■ **WHAT TO WORK ON**: Beginning with the line that contains "this 2048×1536 image.", output each line below exactly through the last one, both included, and nothing else.

####################

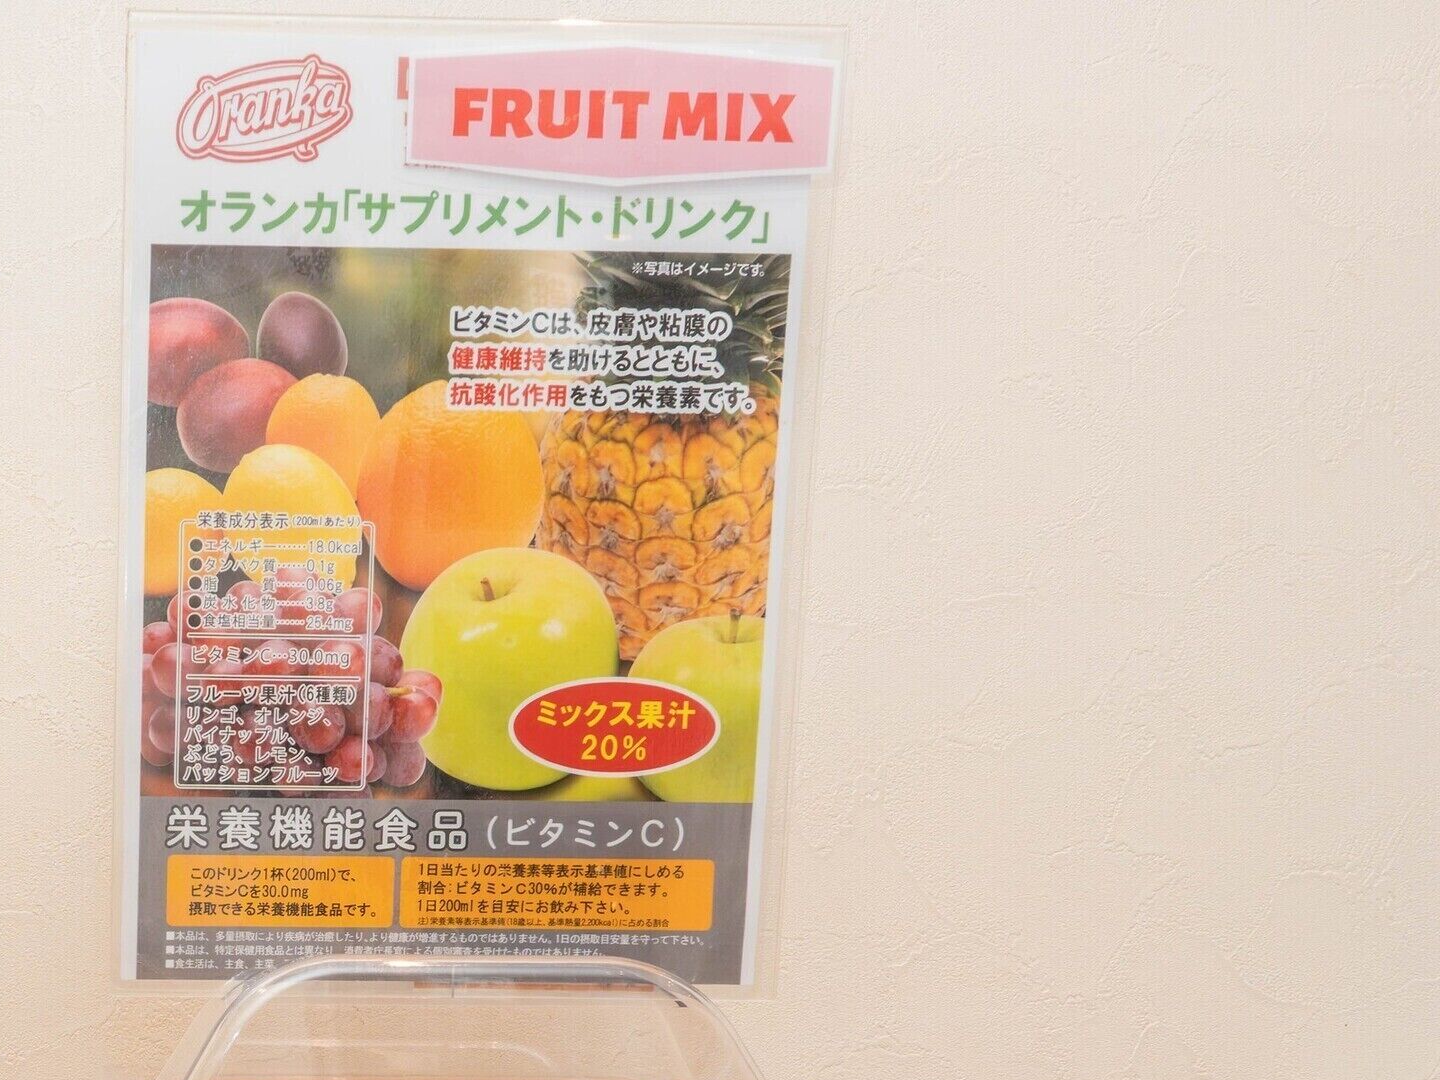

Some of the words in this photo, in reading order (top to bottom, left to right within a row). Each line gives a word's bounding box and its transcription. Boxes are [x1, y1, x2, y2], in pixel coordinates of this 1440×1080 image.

[179, 58, 349, 159] Oranka
[451, 87, 650, 142] FRUIT
[663, 91, 796, 144] MIX
[179, 189, 770, 244] オランカ「サプリメント・ドリンク」
[452, 310, 728, 337] ビタミンCは、皮膚や粘膜の
[450, 382, 756, 411] 抗酸化作用をもつ栄養素です。
[536, 699, 697, 730] ミックス果汁
[580, 734, 648, 761] 20%
[183, 764, 339, 783] パッションフルーツ
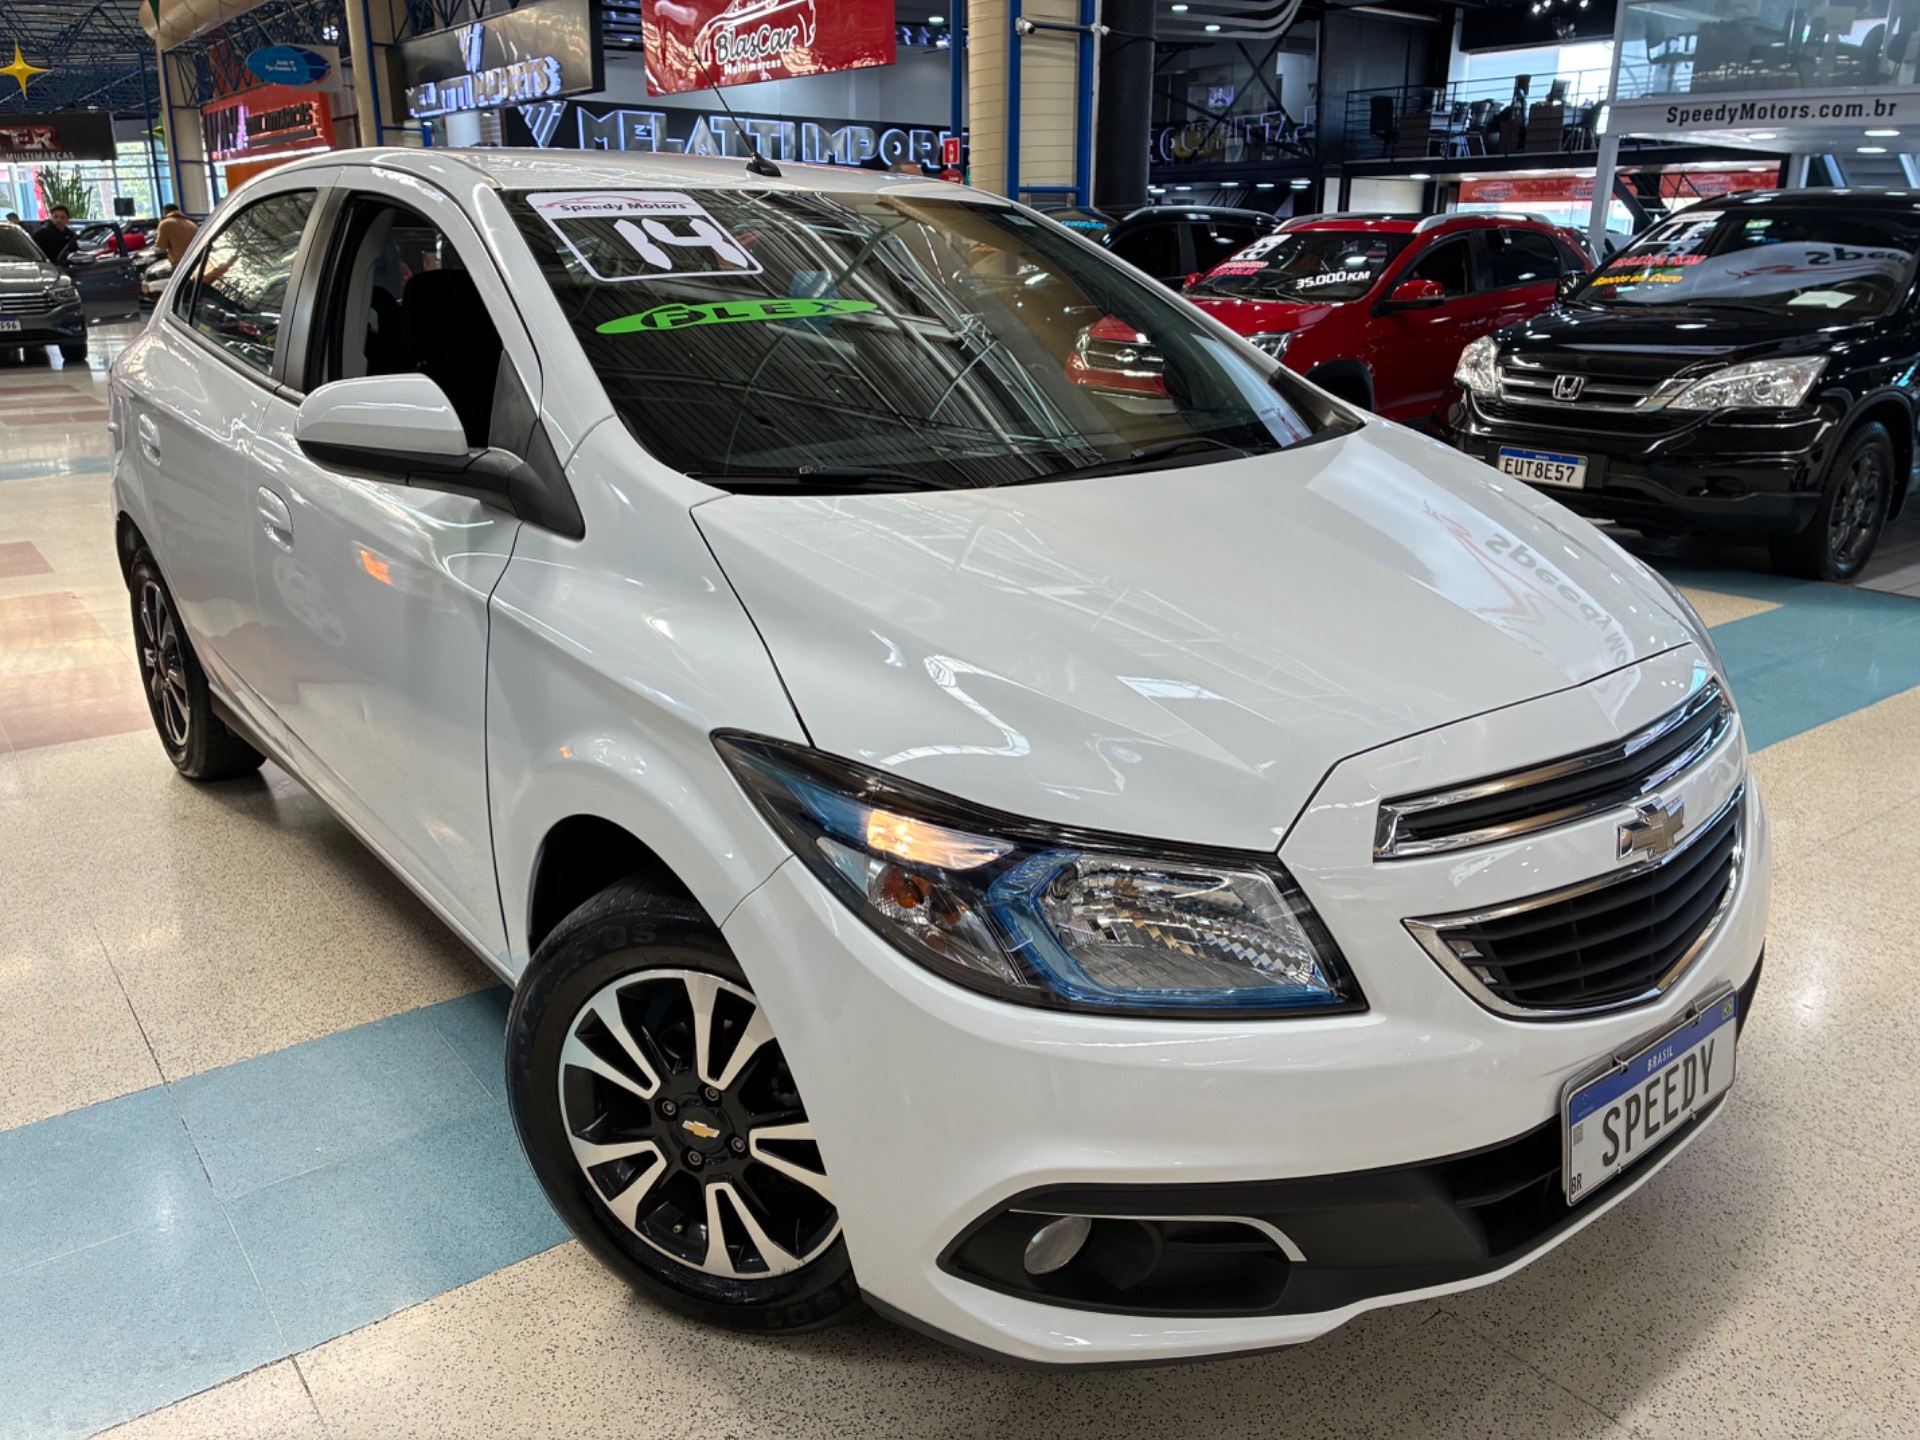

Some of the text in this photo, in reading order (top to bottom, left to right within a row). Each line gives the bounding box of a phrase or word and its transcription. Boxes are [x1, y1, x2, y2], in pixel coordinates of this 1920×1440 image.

[714, 24, 799, 64] BlasCar
[724, 59, 782, 75] Multimarcas
[1666, 99, 1897, 126] SpeedyMotors.com.br
[6, 151, 75, 160] MULTIMARCAS
[560, 201, 688, 213] Speedy Motors
[613, 218, 749, 271] 14
[1295, 270, 1371, 290] 35.000 KM
[651, 300, 846, 329] FLEX
[1503, 457, 1576, 483] EUT8E57
[1647, 1044, 1674, 1071] BRASIL
[1602, 1038, 1716, 1168] SPEEDY
[1571, 1172, 1583, 1195] BR
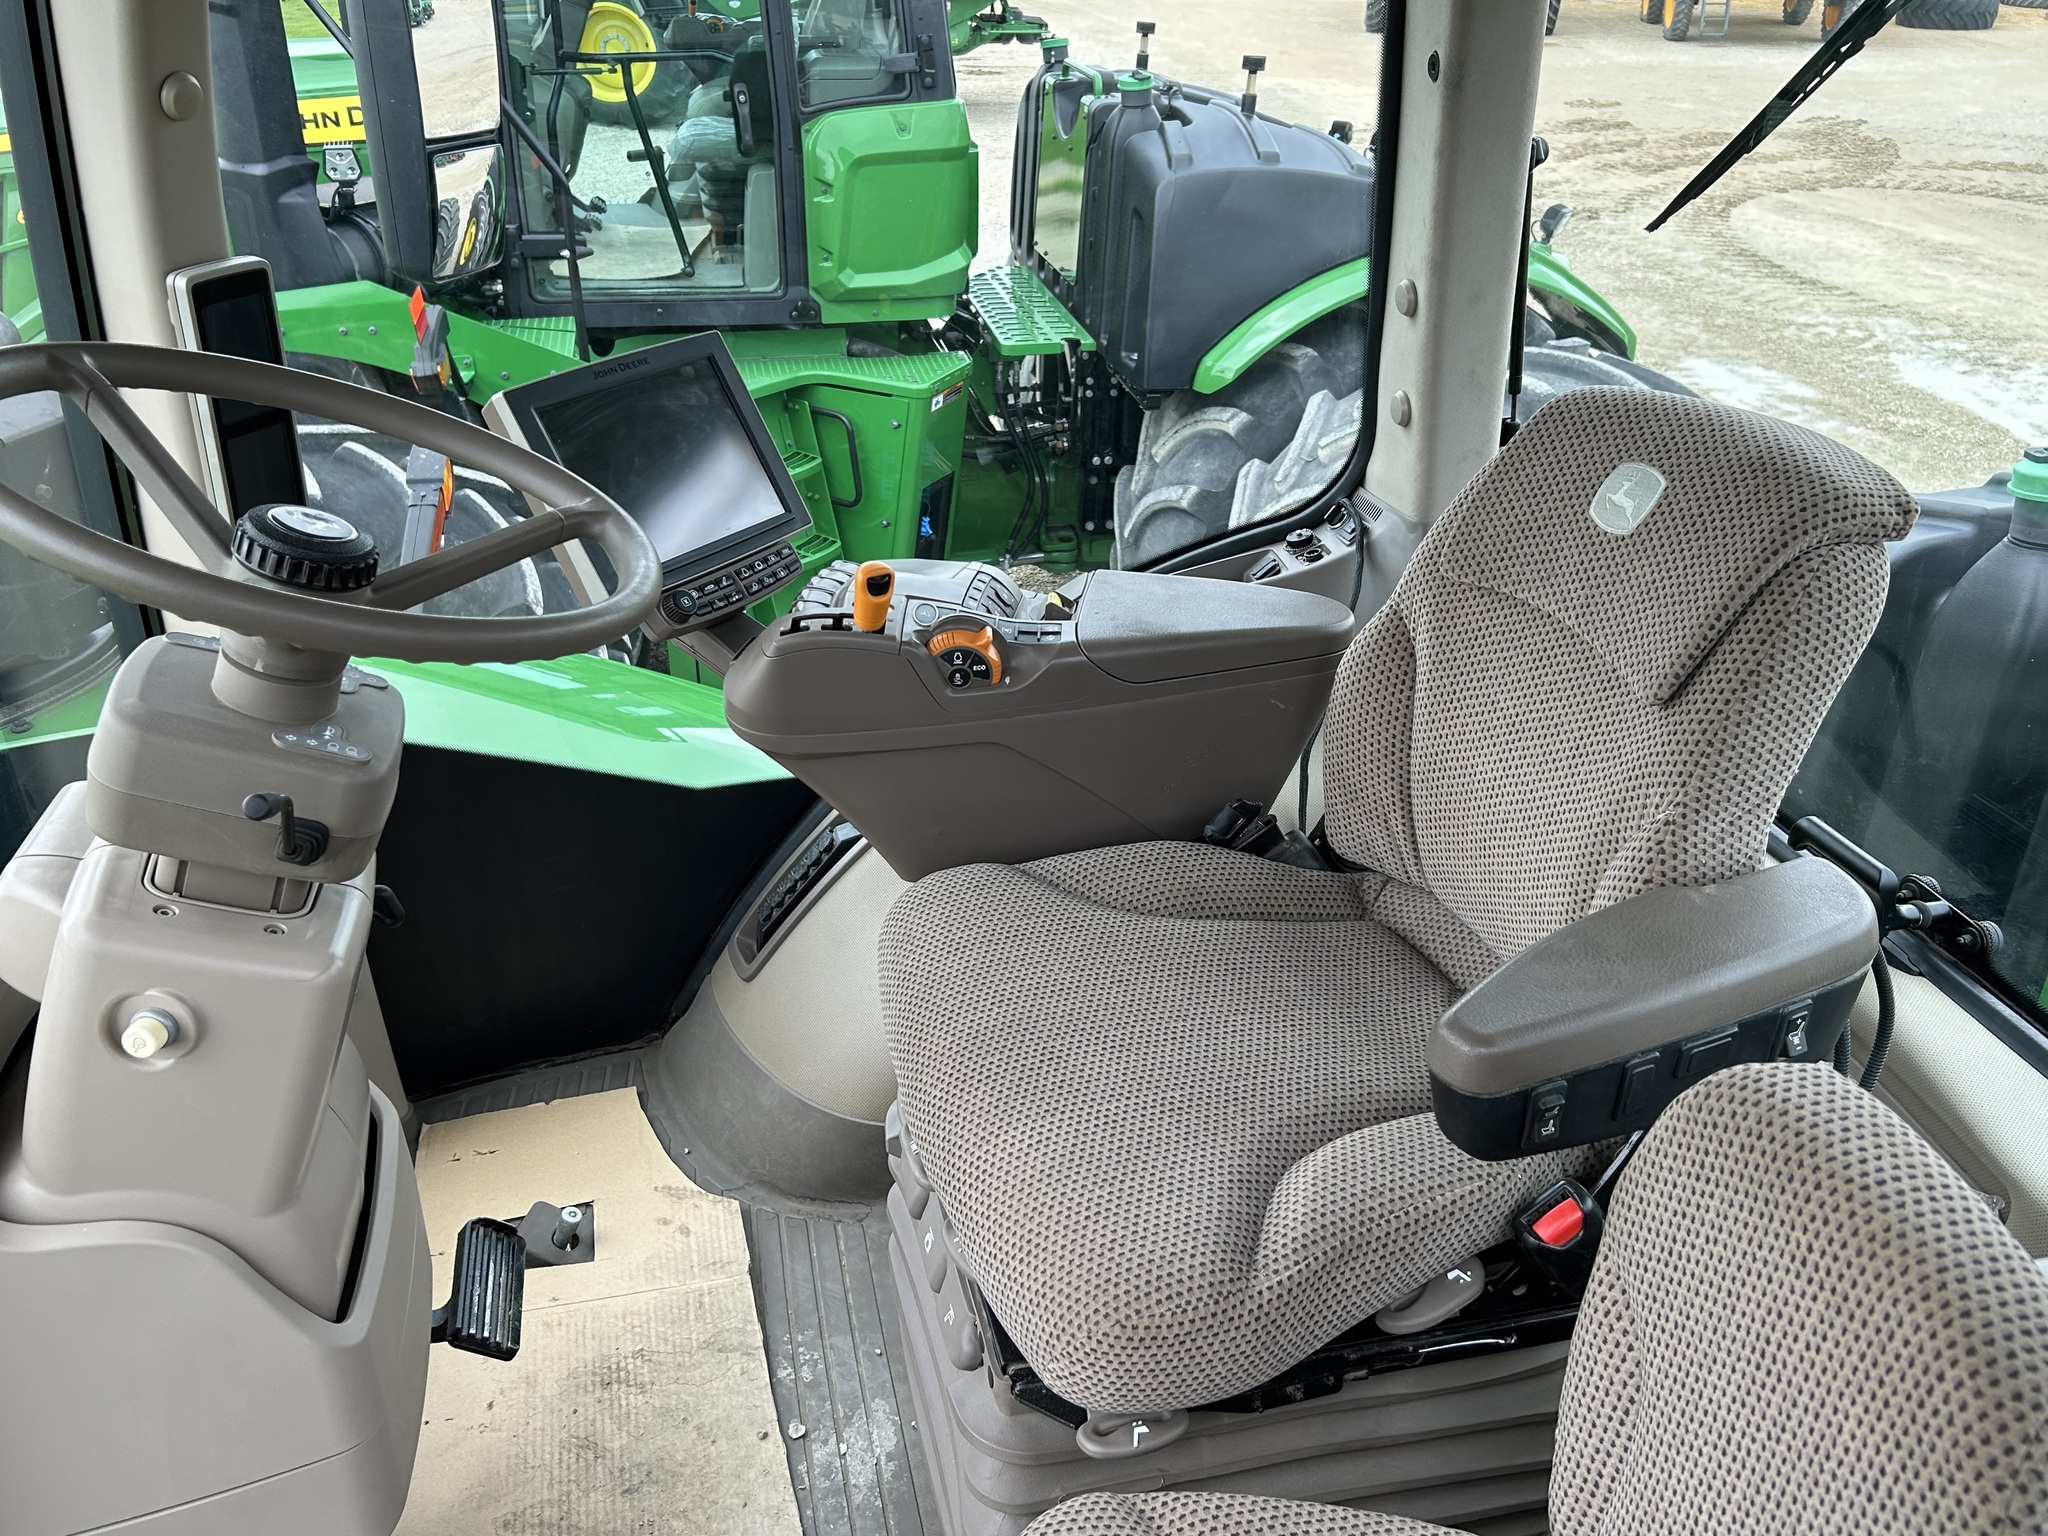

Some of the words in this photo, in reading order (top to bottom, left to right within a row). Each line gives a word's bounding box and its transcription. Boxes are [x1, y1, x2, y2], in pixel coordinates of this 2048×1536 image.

[299, 111, 341, 129] HN
[593, 366, 618, 380] JOHN
[618, 357, 650, 372] DEERE

####################

■ **RESPONSE TO THE TASK**:
Some of the words in this photo, in reading order (top to bottom, left to right within a row). Each line gives a word's bounding box and its transcription. Boxes are [x1, y1, x2, y2], in pixel coordinates of this 2048×1536 image.

[299, 111, 341, 129] HN
[593, 366, 618, 380] JOHN
[618, 357, 650, 372] DEERE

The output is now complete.